Un pont entre deux mondes

Ce qu’il faut d’abord retenir de José Louis and the Paradox of Love, troisième album de Pierre Kwenders, c’est la réconciliation, attendue depuis longtemps, entre ses deux personnalités créatives, l’auteur-compositeur-interprète et le DJ. Alors qu’il tentait la fusion entre indie rock, grooves électroniques et références musicales africaines sur ses deux premiers albums, Kwenders fonce désormais sur le plancher de danse avec les chansons de cet album visionnaire dans sa fusion entre rumba congolaise, néo-R&B et house. « Je suis vraiment arrivé à concilier ces deux mondes, celui de Pierre-le-chanteur qu’on connaît, et de Pierre-le-DJ que plusieurs ne connaissent pas. Un pont entre deux mondes. »

L’affirmation est lancée dès l’ouverture de l’album, un long jam house percussif intitulé L.E.S. (Liberté Égalité Sagacité), coréalisé par le vétéran du house américain King Britt, auquel collaborent ses amis d’Arcade Fire Win Butler et Régine Chassagne. Plus de neuf minutes de groove en guise d’introduction, c’est couillu ! Et c’est voulu, confirme Kwenders : « J’ai des amis qui m’ont dit : “T’es fou de faire ça !” Et pourtant, c’est quelque chose de très congolais, parce que dans les albums de rumba, il y a la chanson-titre du disque — qu’on appelle le “générique” —, qui ne dure jamais moins de dix minutes. Cette chanson est un peu mon générique. »

Or, passé L.E.S., Pierre Kwenders s’adoucit. S’attendrit, même, lové dans un R&B électronique aux orchestrations minimalistes qui, quasiment partout, évoquent avec une extrême finesse le groove de la rumba congolaise.

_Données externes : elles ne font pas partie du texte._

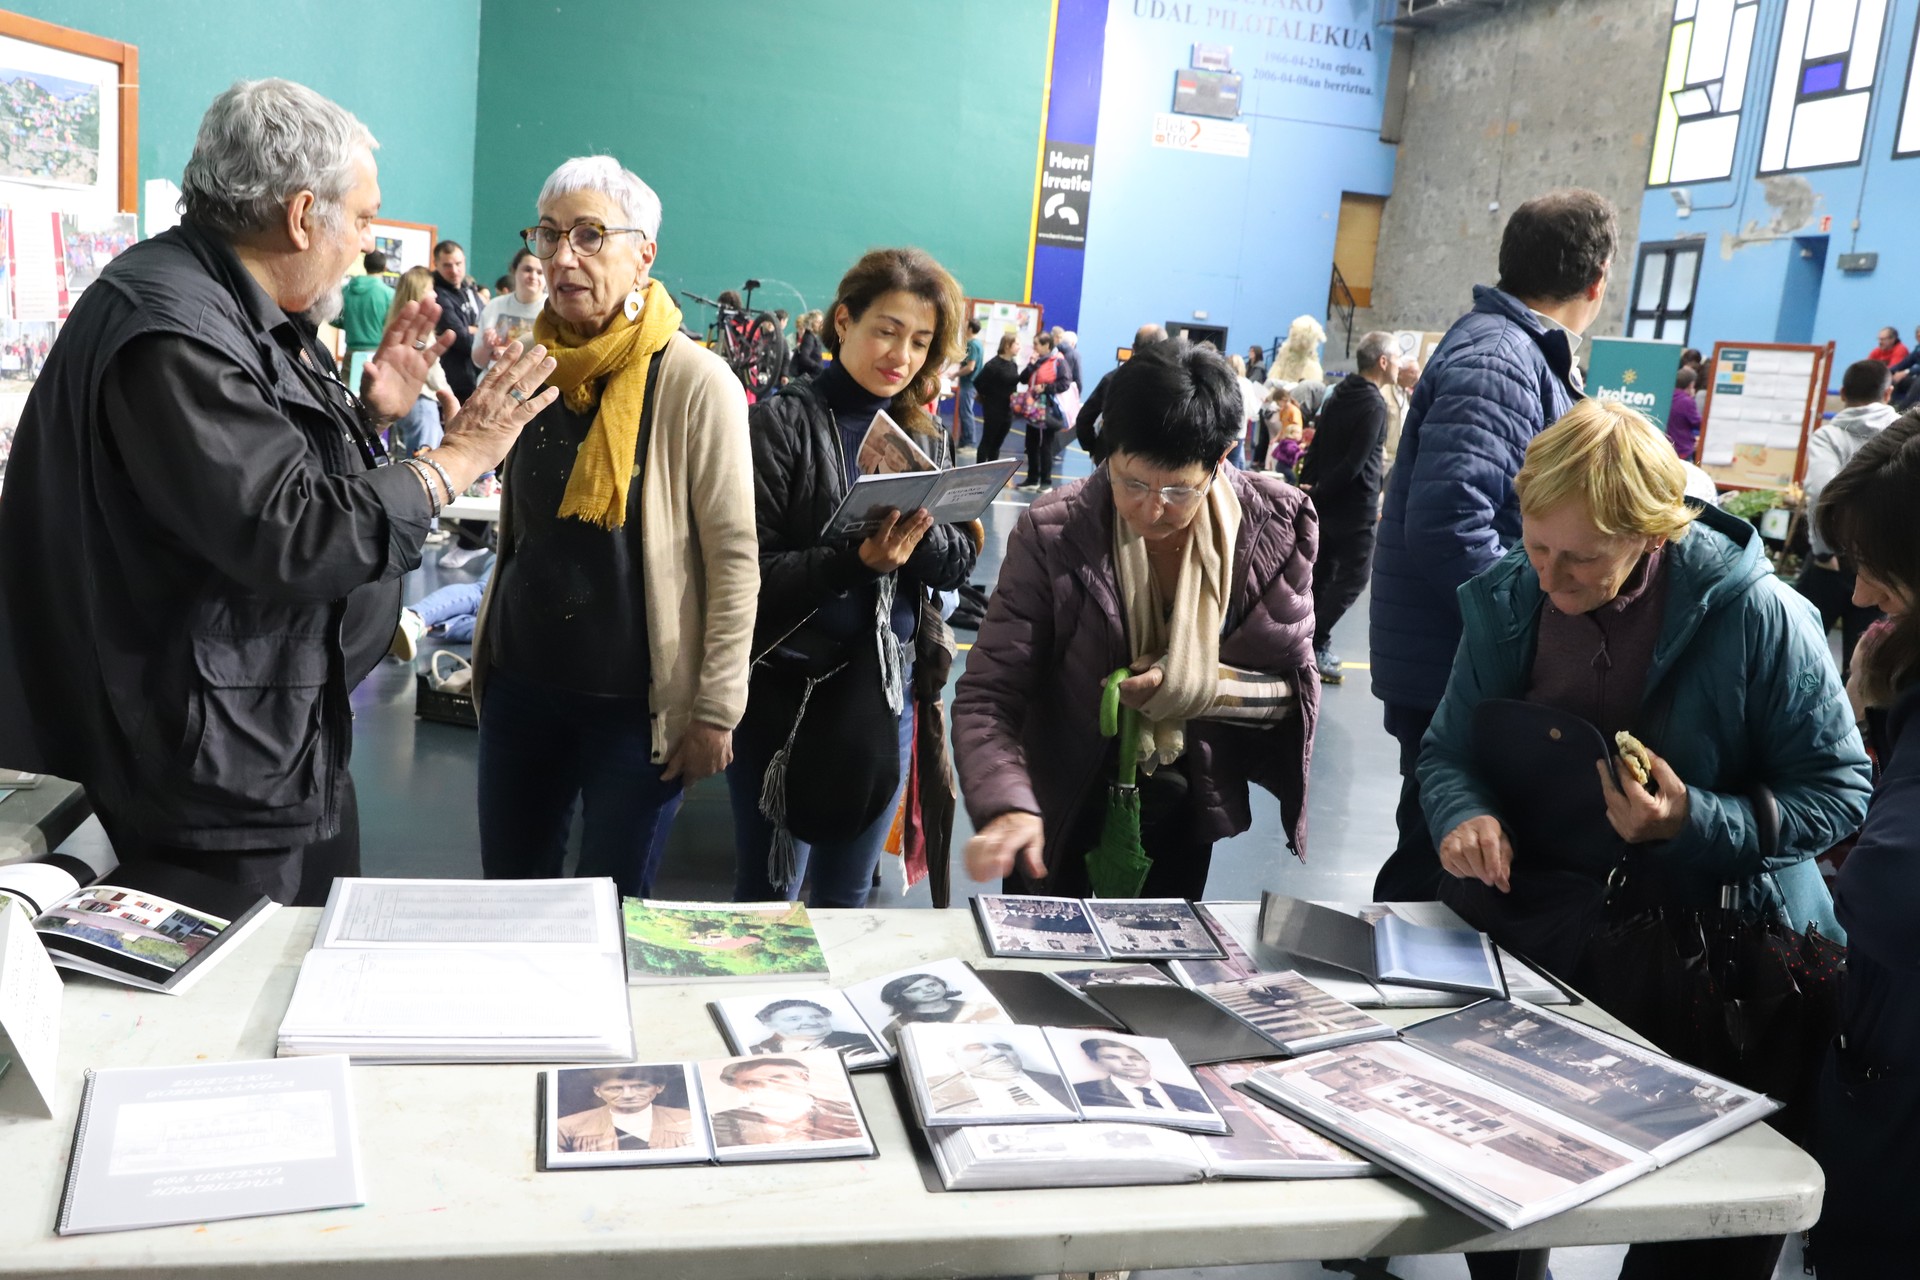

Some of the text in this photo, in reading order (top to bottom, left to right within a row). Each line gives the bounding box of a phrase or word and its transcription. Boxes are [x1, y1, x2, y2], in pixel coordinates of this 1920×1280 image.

Dans le rythme suspendu et langoureux de la ballade Heartbeat (en duo avec la chanteuse Anaïs), ainsi que dans le thème même de la brillante Papa Wemba, une production signée Tendai « Baba » Maraire, du projet hip-hop expérimental américain Shabazz Palaces.

Hommages

Papa Wemba est une icône de la rumba congolaise à qui Kwenders tenait à rendre hommage : « Il a fait des choses incroyables pour la musique congolaise, explique-t-il. Tout artiste congolais de ma génération a grandi avec sa musique, la mienne étant beaucoup inspirée par son travail, dans ses textures, notamment. » L’album contient aussi un hommage à sa mère, qu’on entend souhaiter bon anniversaire à son fils dans un message laissé sur sa boîte vocale. « J’ai beaucoup parlé de femmes de ma vie dans mes albums, rappelle Pierre Kwenders. L’influence qu’ont eue sur moi mes tantes, ma grand-mère… Je me souviens, j’étais à Londres au moment de mon 34e anniversaire. Plus tard, à Lisbonne, avec Branko [réalisateur de l’album], j’ai eu cette idée de faire une chanson pour répondre à ma mère, pour parler de son amour, mais aussi pour répondre à ses doutes vis-à-vis de mes choix de vie et de carrière. Moi, j’ai fait mes études en comptabilité, j’avais une carrière. Alors, quand ton fils t’arrive en disant “Voilà, je veux faire de la musique”, c’est un choc, quand même ! »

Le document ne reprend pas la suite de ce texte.